Publié le 18 février 2021 par Tonton @supprimez

Alors que la place de Douala se meurt, son Dg brandit des résultats d’exploitation astronomiques et totalement faux. Cyrus Ngo’o, empêtré dans un faramineux marché de clôture d’enceinte, plus que jamais dans l’étau des prestataires mécontents, dont beaucoup préfèrent désormais se diriger vers Kribi.

Comment ont-ils fait ? Dans des écrits amplement diffusés depuis le début de la semaine sur les réseaux sociaux, des spécialistes de la manipulation ont entrepris de magnifier les «performances économiques et financières» du Port autonome de Douala (Pad), à travers la Régie de son terminal à conteneurs (Rtc).
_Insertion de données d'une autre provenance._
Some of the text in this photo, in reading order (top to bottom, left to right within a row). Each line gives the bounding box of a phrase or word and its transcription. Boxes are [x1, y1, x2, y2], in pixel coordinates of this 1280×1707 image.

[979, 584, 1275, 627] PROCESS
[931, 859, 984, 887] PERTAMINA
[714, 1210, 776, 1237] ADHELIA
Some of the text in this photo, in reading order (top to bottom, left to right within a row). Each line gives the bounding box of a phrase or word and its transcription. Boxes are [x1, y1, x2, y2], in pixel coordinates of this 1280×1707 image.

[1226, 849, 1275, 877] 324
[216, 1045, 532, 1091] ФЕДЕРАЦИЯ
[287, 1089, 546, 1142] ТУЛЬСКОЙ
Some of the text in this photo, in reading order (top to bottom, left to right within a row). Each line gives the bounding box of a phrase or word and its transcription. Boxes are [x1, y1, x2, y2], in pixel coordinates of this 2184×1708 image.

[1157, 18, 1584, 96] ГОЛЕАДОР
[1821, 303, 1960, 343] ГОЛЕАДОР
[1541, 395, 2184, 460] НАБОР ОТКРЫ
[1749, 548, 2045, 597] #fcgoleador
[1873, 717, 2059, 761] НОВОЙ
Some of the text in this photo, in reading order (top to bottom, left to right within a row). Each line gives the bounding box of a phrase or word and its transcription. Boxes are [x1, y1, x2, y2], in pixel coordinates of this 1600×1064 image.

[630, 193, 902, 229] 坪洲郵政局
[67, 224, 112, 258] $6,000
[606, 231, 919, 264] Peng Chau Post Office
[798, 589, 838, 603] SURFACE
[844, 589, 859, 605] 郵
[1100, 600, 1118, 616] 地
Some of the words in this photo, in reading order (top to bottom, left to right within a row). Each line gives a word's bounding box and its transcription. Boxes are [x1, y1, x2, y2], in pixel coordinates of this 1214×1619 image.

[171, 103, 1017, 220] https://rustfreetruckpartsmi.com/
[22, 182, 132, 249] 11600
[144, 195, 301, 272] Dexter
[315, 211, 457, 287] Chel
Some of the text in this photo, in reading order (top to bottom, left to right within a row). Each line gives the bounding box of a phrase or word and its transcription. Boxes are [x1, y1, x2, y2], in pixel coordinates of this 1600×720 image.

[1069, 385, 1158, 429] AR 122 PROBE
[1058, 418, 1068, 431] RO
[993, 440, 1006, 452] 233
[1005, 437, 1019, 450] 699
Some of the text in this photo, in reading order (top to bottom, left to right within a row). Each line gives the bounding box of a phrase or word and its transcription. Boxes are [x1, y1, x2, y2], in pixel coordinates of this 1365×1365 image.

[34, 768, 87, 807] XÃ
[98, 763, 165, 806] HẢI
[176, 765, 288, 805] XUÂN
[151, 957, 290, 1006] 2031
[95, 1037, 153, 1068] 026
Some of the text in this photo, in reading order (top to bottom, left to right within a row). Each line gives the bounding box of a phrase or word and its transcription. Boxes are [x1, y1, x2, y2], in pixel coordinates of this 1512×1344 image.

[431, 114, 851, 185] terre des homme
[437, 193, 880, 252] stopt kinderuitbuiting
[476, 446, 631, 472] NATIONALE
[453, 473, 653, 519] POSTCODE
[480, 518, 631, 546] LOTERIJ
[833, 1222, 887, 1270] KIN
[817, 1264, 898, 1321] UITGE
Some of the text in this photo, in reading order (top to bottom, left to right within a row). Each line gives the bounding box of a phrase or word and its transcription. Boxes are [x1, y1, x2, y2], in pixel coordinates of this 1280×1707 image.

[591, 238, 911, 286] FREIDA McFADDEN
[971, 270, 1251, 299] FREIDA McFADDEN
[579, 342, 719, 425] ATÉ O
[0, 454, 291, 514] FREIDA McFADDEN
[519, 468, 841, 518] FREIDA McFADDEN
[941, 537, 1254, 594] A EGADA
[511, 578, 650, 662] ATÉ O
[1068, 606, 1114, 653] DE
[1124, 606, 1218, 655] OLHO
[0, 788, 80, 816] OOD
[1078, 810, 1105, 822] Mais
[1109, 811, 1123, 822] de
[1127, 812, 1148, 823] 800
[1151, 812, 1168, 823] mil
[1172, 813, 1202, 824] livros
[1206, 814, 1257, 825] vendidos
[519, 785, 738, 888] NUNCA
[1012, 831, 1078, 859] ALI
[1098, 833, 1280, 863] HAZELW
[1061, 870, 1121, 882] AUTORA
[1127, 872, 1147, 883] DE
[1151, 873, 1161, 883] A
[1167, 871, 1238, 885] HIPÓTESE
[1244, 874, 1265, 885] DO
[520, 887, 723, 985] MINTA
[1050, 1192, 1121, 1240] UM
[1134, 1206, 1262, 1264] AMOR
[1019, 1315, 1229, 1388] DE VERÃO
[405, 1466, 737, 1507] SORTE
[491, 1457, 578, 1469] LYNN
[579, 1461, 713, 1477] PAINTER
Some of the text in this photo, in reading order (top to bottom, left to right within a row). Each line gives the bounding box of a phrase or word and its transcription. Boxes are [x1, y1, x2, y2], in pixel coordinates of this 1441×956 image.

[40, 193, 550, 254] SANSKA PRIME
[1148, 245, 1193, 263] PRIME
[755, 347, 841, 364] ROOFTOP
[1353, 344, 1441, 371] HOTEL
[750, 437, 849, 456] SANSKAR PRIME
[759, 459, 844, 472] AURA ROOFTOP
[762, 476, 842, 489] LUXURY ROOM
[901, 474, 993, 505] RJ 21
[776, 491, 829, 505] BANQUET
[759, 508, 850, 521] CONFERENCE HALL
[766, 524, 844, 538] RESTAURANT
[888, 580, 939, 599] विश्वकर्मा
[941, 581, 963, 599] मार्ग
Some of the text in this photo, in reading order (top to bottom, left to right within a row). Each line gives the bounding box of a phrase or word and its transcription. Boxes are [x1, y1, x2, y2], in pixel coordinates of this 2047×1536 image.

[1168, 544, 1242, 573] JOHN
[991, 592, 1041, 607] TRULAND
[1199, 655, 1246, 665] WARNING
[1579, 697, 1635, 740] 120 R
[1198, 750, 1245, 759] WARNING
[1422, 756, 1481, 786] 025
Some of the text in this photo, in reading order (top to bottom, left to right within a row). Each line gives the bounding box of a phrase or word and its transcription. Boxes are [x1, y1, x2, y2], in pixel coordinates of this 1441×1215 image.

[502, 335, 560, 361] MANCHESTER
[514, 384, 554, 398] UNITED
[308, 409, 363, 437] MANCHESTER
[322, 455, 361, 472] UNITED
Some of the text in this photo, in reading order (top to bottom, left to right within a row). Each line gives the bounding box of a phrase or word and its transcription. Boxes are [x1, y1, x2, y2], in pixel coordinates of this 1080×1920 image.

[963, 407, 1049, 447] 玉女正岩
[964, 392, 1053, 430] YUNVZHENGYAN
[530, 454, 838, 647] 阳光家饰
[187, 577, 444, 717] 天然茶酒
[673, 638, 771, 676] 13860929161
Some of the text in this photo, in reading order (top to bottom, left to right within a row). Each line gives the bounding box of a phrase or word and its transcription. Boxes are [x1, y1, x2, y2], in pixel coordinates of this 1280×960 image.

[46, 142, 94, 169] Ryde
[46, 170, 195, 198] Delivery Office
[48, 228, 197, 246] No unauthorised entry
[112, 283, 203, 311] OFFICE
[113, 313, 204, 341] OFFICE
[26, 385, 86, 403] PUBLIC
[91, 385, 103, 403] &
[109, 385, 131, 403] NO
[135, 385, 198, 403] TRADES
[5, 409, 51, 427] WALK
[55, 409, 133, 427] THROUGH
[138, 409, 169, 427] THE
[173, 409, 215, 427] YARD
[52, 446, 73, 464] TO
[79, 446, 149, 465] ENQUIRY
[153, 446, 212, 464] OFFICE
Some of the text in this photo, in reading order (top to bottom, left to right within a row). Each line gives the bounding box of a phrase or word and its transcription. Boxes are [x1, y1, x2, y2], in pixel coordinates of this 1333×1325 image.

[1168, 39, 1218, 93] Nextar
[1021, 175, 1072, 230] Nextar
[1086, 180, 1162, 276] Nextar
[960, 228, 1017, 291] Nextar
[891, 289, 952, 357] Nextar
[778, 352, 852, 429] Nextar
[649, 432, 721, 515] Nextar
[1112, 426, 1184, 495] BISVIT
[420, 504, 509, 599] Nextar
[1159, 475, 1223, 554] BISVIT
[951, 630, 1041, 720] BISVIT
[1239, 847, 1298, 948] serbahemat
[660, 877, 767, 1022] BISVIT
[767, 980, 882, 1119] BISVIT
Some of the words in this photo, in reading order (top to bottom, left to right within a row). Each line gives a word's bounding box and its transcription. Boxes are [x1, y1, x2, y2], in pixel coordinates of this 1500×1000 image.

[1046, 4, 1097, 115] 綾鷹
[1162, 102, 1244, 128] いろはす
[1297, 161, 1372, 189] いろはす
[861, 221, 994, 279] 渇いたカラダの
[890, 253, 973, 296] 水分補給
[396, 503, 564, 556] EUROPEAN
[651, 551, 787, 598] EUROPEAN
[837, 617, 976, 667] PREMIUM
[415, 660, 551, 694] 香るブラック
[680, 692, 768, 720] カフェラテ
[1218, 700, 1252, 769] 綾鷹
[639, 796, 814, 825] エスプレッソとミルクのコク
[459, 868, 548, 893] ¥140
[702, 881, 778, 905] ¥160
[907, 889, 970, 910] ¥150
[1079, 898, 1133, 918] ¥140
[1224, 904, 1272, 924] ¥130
L’on y apprend qu’en un an de mise en service, malgré un contexte économique morose dû à la pandémie du Covid-19 et la fermeture des frontières terrestres et maritimes du Cameroun, ladite Régie a terminé l’année 2020 avec «49 milliards 885 millions de FCfa de recettes, contre 48 milliards 458 milliards enregistrés par Bolloré/Apmt avec Dit en 2019».
«Avec l’ouverture de l’exercice budgétaire 2021, insiste la note de propagande, qui comme on peut l’imaginer a été rédigée par des sherpas de la maison, la période de reprise post-Covid et l’attractivité de notre pays qui attire des investisseurs, les prévisions annoncées et vérifiées sont affolantes tant les chiffres sont en hausse ; avant la fin du premier trimestre 2021, les recettes dépassent de 25% celles de l’année dernière dans la même période, le nombre d’usagers a tellement explosé que le Pad construit, déjà dans ses projections, une extension du Pad du côté de Mouanko et de Manoka.»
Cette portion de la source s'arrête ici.